LLM pricing is based on token count and constantly changing. Here we list the token counts for a conversation with ~1000 statements. Please see Vertex AI pricing for an up-to-date cost per input token. As of April 10, 2025 the cost for running topic identification, statement categorization, and summarization was in total under $1 on Gemini 1.5 Pro.
Token Counts for a 1000 statement conversation

Topic Identification Statement Categorization Summarization
Input Tokens 130,000 130,000 80,000
Output Tokens 50,000 50,000 7,500

Our text summary consists of outputs from multiple LLM calls, each focused on summarizing a subset of comments. We have evaluated these LLM outputs for hallucinations both manually and using autoraters. Autorating code can be found in evals/autorating.

We have evaluated topic identification and categorization using methods based on the silhouette coefficient. This evaluation code will be published in the near future. We have also considered how stable the outputs are run to run and comments are categorized into the same topic(s) ~90% of the time, and the identified topics also show high stability.

First make sure you have npm installed (apt-get install npm on Ubuntu-esque systems).
Next install the project modules by running:
npm install

A Google Cloud project is required to control quota and access when using the default models that connect to Model Garden.

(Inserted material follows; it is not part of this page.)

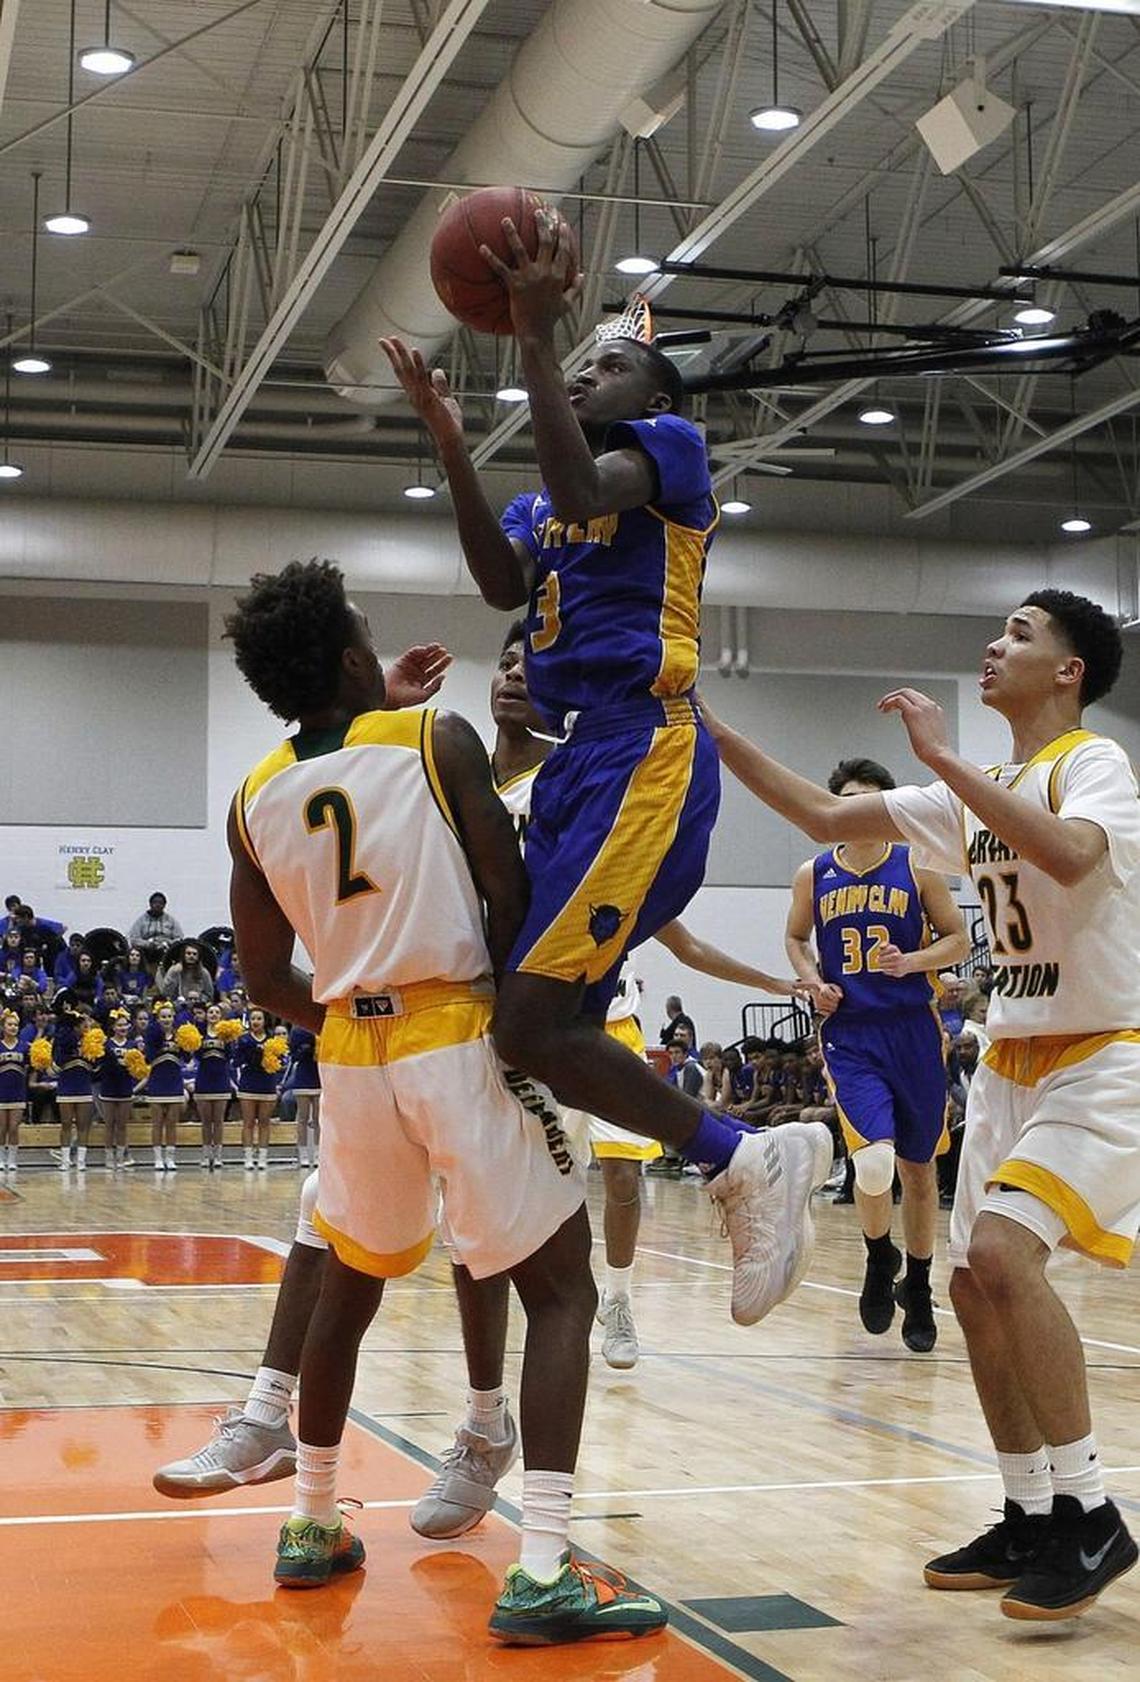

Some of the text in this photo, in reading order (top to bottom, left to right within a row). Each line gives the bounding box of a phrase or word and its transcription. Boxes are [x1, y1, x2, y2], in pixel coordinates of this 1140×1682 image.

Installation instructions for all machines are here.
For Linux the GCloud CLI can be installed like:
sudo apt install -y google-cloud-cli
Then to log in locally run:
gcloud config set project <your project name here>
gcloud auth application-default login

Summarize Seattle’s $15 Minimum Wage Conversation.

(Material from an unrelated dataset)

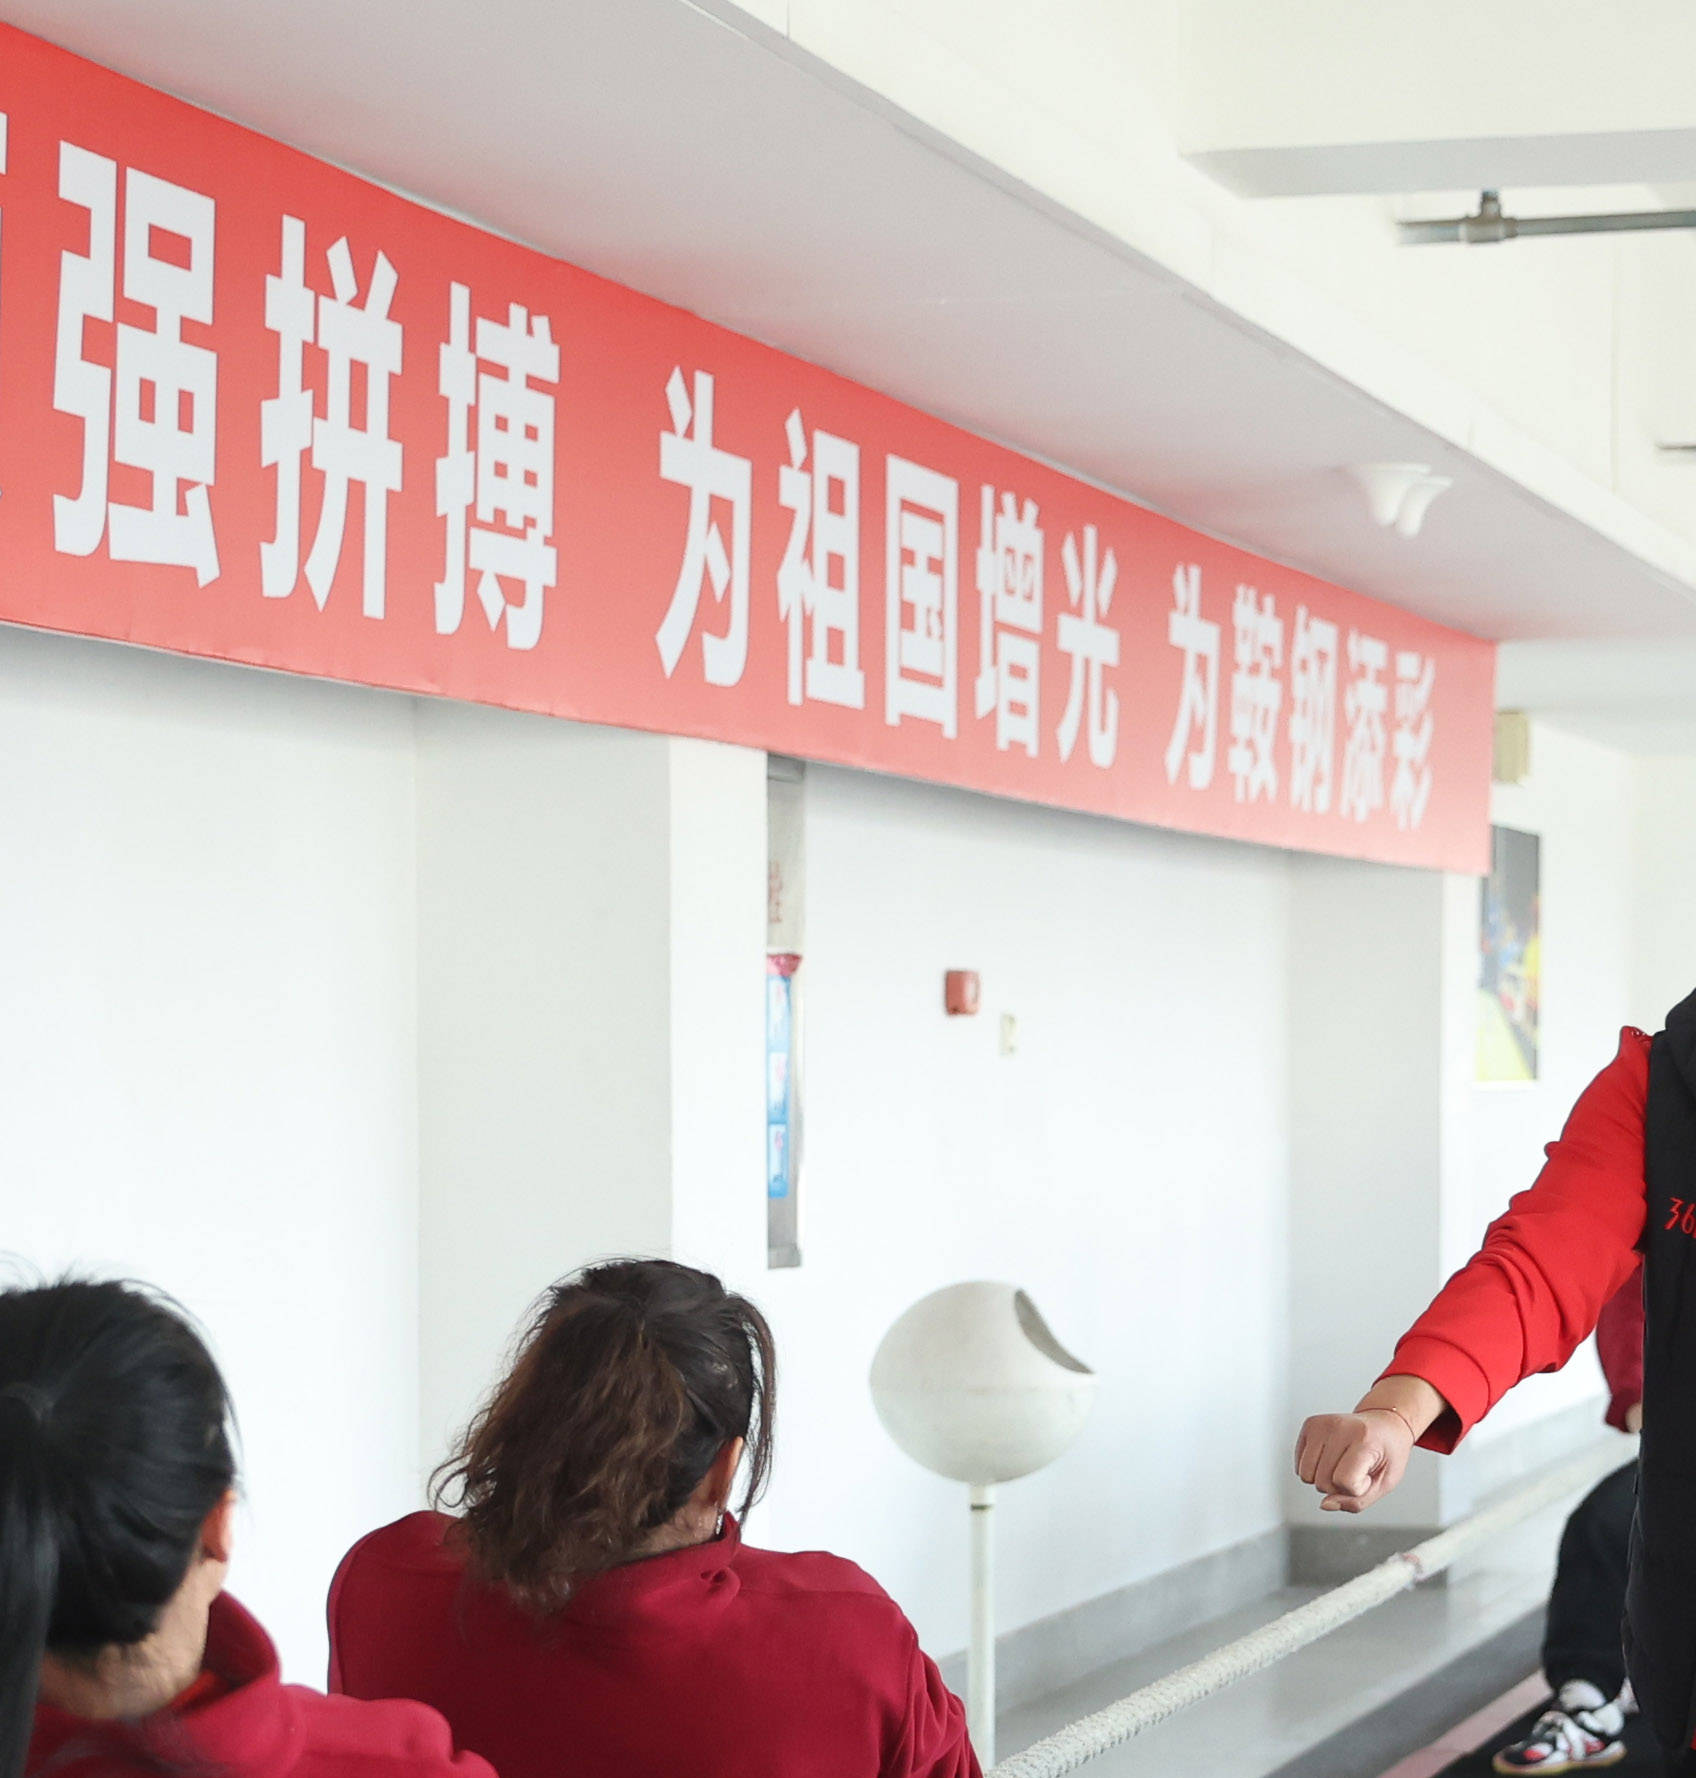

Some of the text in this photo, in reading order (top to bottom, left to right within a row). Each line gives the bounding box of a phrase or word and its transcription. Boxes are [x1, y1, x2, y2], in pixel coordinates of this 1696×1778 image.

[653, 365, 1122, 771] 为祖国增光
[1164, 562, 1436, 833] 为鞍钢添彩

// Set up the tools to use the default Vertex model (Gemini Pro 1.5) and related authentication info.
const mySensemaker = new Sensemaker({
defaultModel: new VertexModel(
"myGoogleCloudProject123,
"us-central1",
),
});

// Note: this function does not exist.
// Get data from a discussion in Seattle over a $15 minimum wage.
// CSV containing comment text, vote counts, and group information from:
// https://github.com/compdemocracy/openData/tree/master/15-per-hour-seattle
const comments: Comments[] = getCommentsFromCsv("./comments.csv");

// Learn what topics were discussed and print them out.
const topics = mySensemaker.learnTopics(
comments,
// Should include subtopics:
true,
// There are no existing topics:
undefined,
// Additional context:
"This is from a conversation on a $15 minimum wage in Seattle"
);
console.log(topics);

// Summarize the conversation and print the result as Markdown.
const summary = mySensemaker.summarize(
comments,
SummarizationType.AGGREGATE_VOTE,
topics,
// Additional context:
"This is from a conversation on a $15 minimum wage in Seattle"
);
console.log(summary.getText("MARKDOWN"));

CLI Usage
There is also a simple CLI set up for testing. There are two tools:

  • ./runner-cli/runner.ts: takes in a CSV representing a conversation and outputs an HTML file containing the summary. The summary is best viewed as an HTML file so that the included citations can be hovered over to see the original comment and votes.
  • ./runner-cli/rerunner.ts: takes in a CSV representing a conversation and reruns summarization a number of times and outputs each of the summaries in one CSV. This is useful for testing consistency.

Unit tests can be run with the following command: npm test
To run tests continuously as you make changes run: npm run test-watch

The documentation here is the hosted version of the html from the docs/ subdirectory. This documentation is automatically generated using typedoc, and to update the documentation run:
npx typedoc

If you have questions or issues with this library, please leave feedback here and we will reach out to you. Our team is actively evaluating Sensemaker performance and is aiming to share our results on this page in the future. Please note that performance results may vary depending on the model selected.

This library is designed to leverage Cloud Vertex, and usage is subject to the Cloud Vertex Terms of Service and the Generative AI Prohibited Use Policy.